Below is a listing to transcribe in full and exactly; keep the pictures out.

((

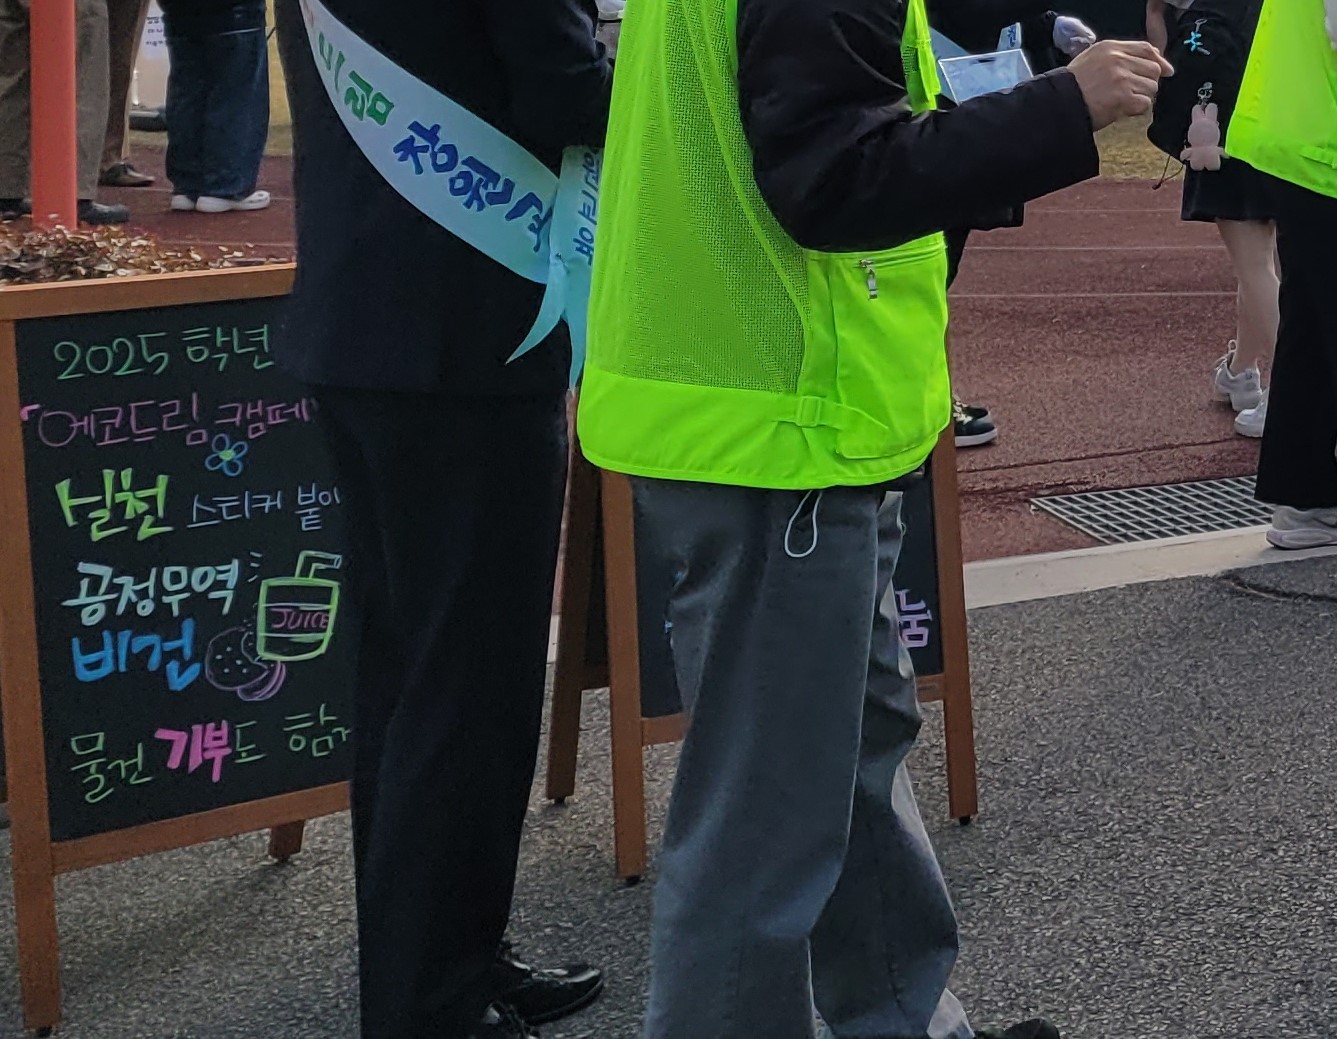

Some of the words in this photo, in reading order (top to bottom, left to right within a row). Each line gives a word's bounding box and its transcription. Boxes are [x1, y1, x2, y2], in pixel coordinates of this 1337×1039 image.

[53, 331, 169, 381] 2025
[181, 323, 275, 372] 학년
[214, 396, 317, 440] 캠페
[55, 467, 175, 542] 실천
[187, 490, 283, 528] 스티커
[295, 482, 341, 532] 붙이
[61, 559, 240, 627] 공정무역
[270, 607, 330, 630] JUICE
[72, 618, 202, 692] 비건
[70, 731, 153, 804] 물건
[153, 719, 268, 784] 기부도
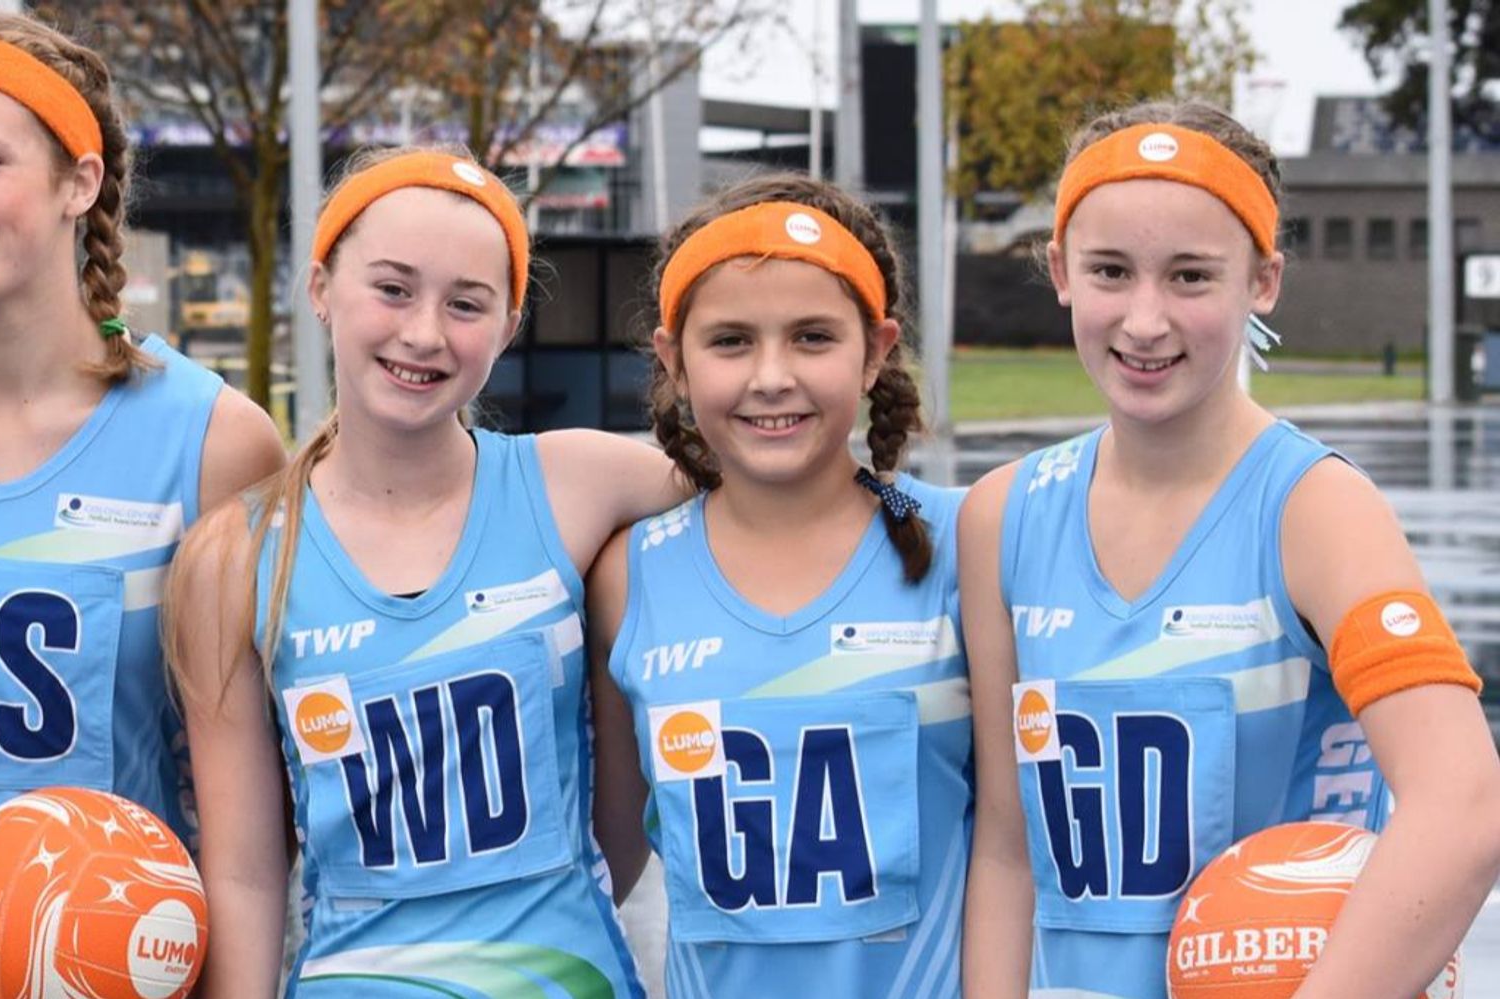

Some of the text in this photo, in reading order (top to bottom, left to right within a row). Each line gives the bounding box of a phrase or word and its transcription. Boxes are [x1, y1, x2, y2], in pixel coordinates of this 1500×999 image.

[290, 619, 377, 658] TWP
[642, 636, 724, 681] TWP
[300, 708, 351, 734] LUMO
[662, 729, 716, 753] LUMO
[338, 668, 530, 868] WD
[690, 723, 879, 914] GA
[1035, 710, 1194, 903] GD
[137, 935, 196, 966] LUMO
[1176, 926, 1329, 971] GILBER
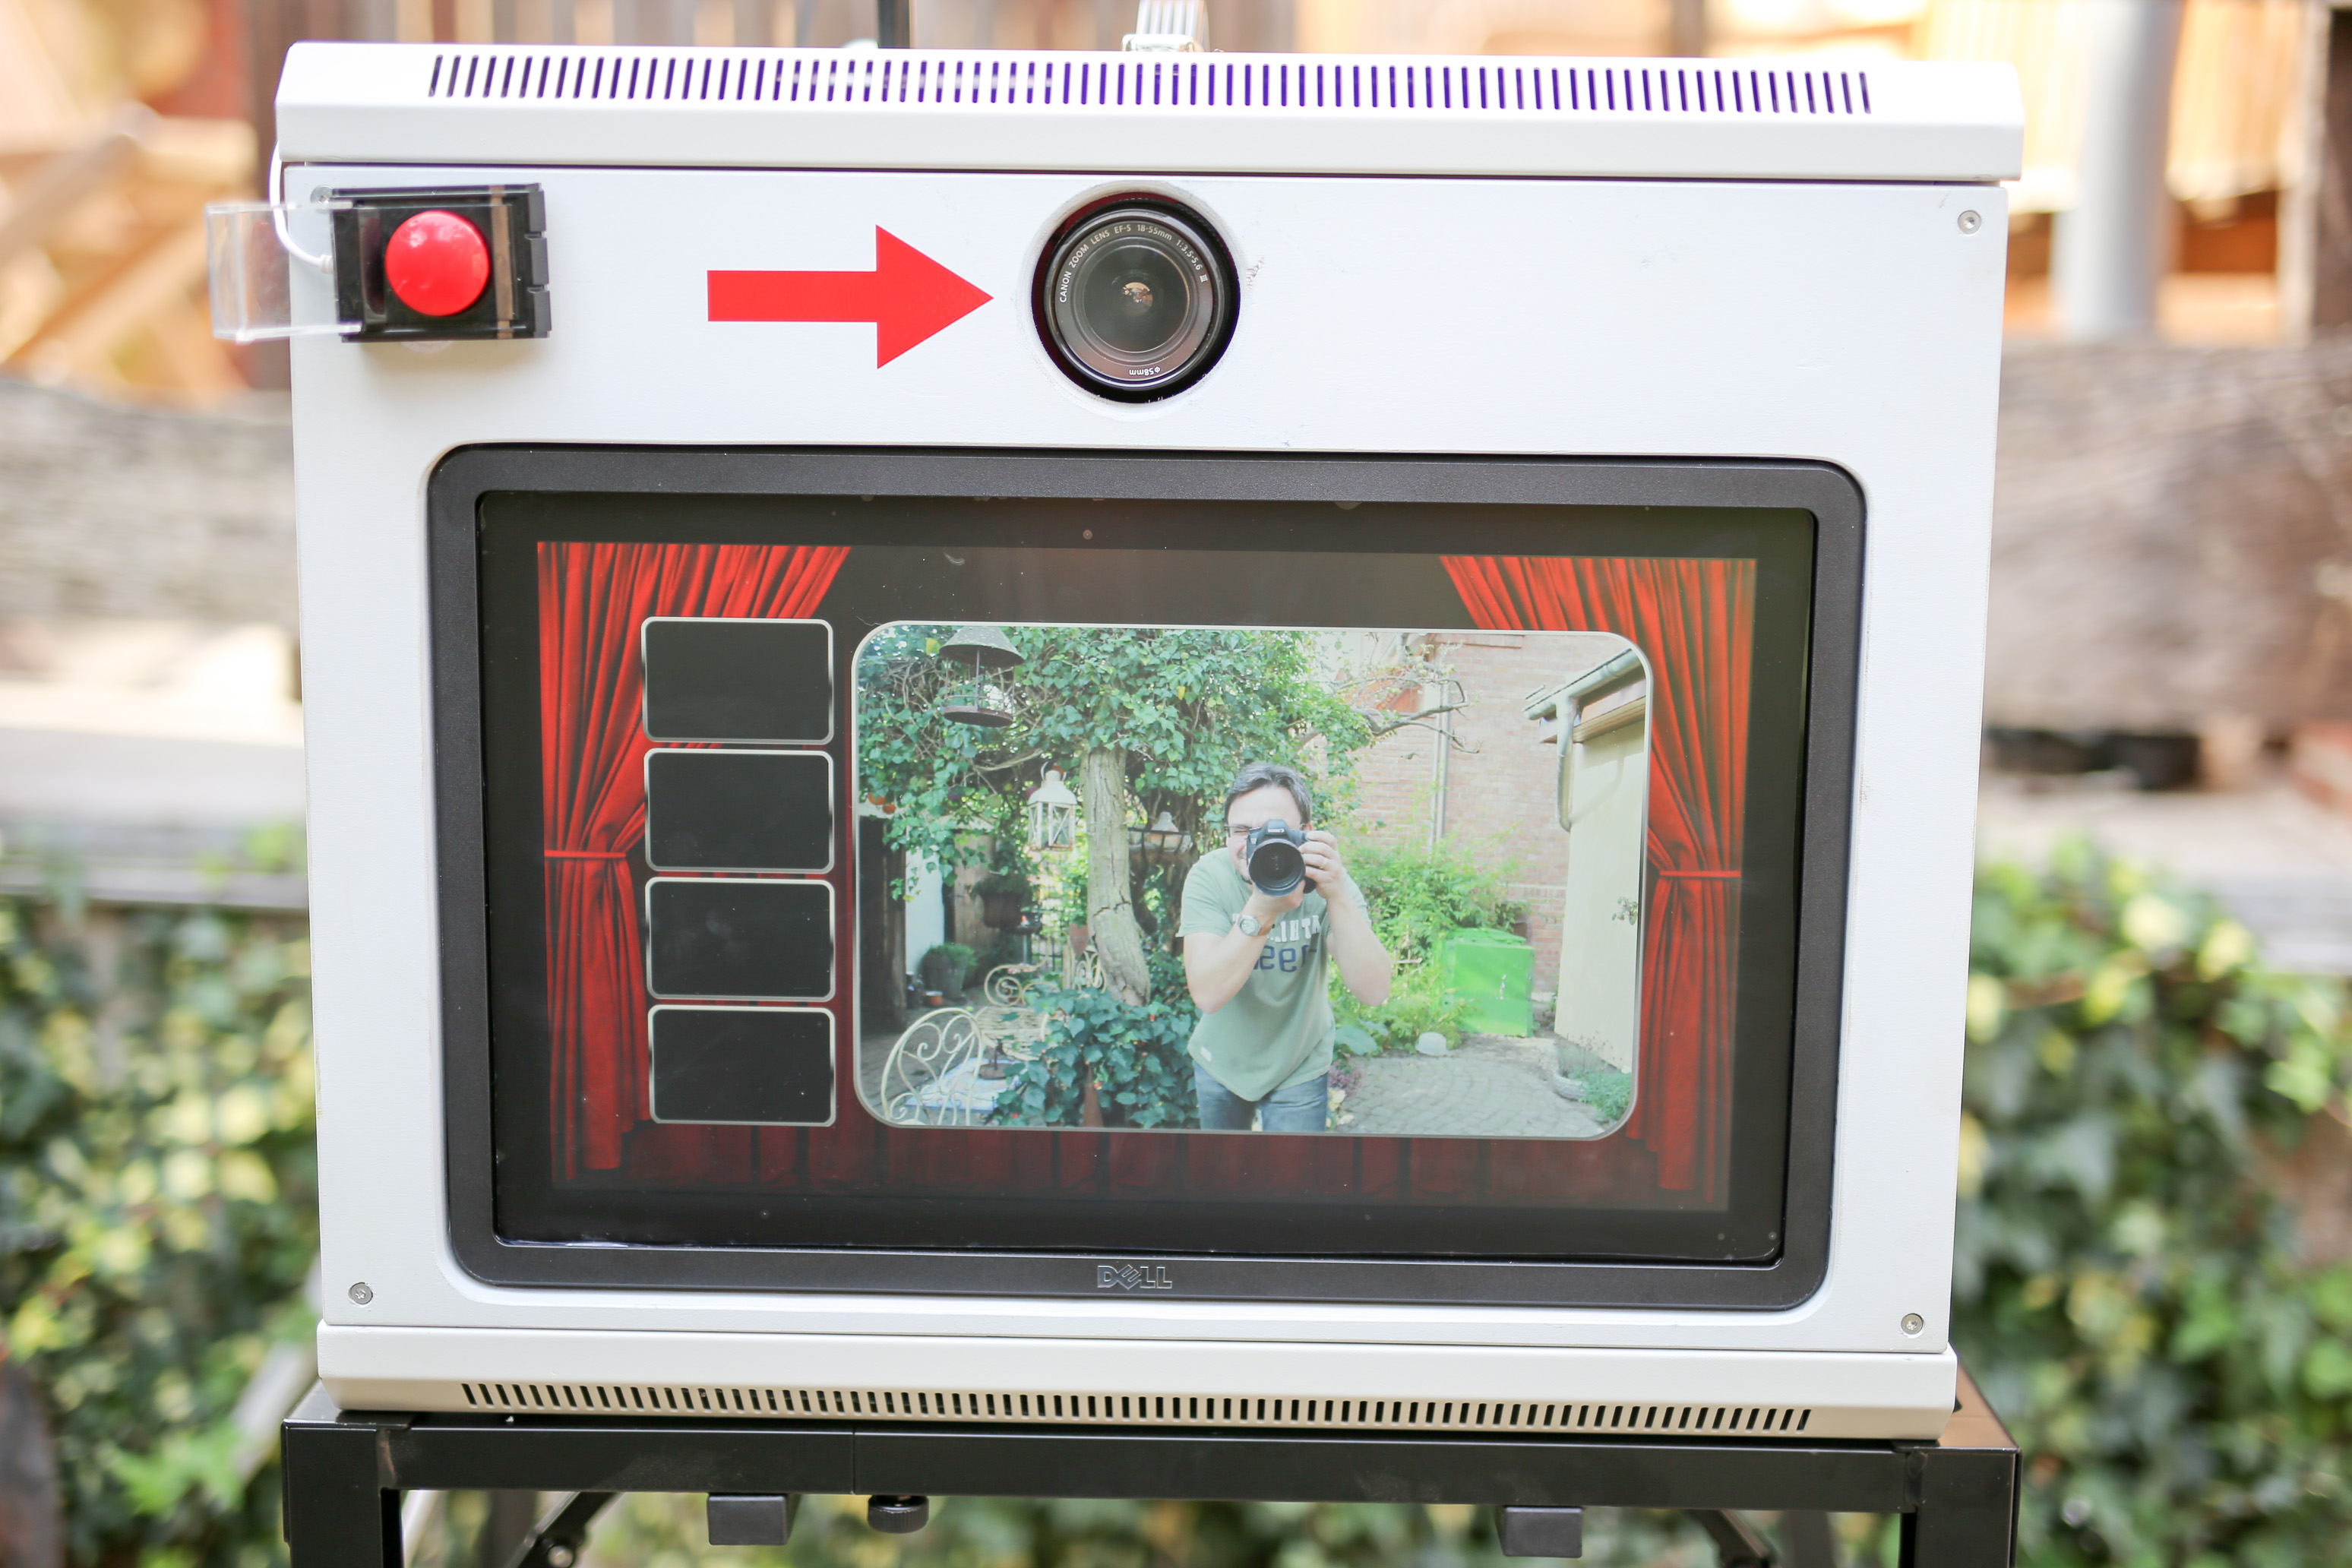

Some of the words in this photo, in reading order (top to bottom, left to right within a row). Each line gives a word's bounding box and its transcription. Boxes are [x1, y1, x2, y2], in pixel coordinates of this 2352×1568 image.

[1060, 271, 1072, 303] CANON
[1068, 244, 1089, 268] ZOOM
[1090, 229, 1110, 245] LENS
[1114, 224, 1131, 234] EF-S
[1137, 224, 1172, 241] 18-55mm
[1176, 239, 1203, 270] 1:3.5-5.6
[1097, 1264, 1173, 1290] DELL

))

Exercise result:
Some of the words in this photo, in reading order (top to bottom, left to right within a row). Each line gives a word's bounding box and its transcription. Boxes are [x1, y1, x2, y2], in pixel coordinates of this 1337×1039 image.

[53, 331, 169, 381] 2025
[181, 323, 275, 372] 학년
[214, 396, 317, 440] 캠페
[55, 467, 175, 542] 실천
[187, 490, 283, 528] 스티커
[295, 482, 341, 532] 붙이
[61, 559, 240, 627] 공정무역
[270, 607, 330, 630] JUICE
[72, 618, 202, 692] 비건
[70, 731, 153, 804] 물건
[153, 719, 268, 784] 기부도

Some of the text in this photo, in reading order (top to bottom, left to right within a row). Each line gives the bounding box of a phrase or word and its transcription. Boxes are [x1, y1, x2, y2], in pixel coordinates of this 1500×999 image.

[290, 619, 377, 658] TWP
[642, 636, 724, 681] TWP
[300, 708, 351, 734] LUMO
[662, 729, 716, 753] LUMO
[338, 668, 530, 868] WD
[690, 723, 879, 914] GA
[1035, 710, 1194, 903] GD
[137, 935, 196, 966] LUMO
[1176, 926, 1329, 971] GILBER

Some of the words in this photo, in reading order (top to bottom, left to right within a row). Each line gives a word's bounding box and its transcription. Boxes are [x1, y1, x2, y2], in pixel coordinates of this 2352×1568 image.

[1060, 271, 1072, 303] CANON
[1068, 244, 1089, 268] ZOOM
[1090, 229, 1110, 245] LENS
[1114, 224, 1131, 234] EF-S
[1137, 224, 1172, 241] 18-55mm
[1176, 239, 1203, 270] 1:3.5-5.6
[1097, 1264, 1173, 1290] DELL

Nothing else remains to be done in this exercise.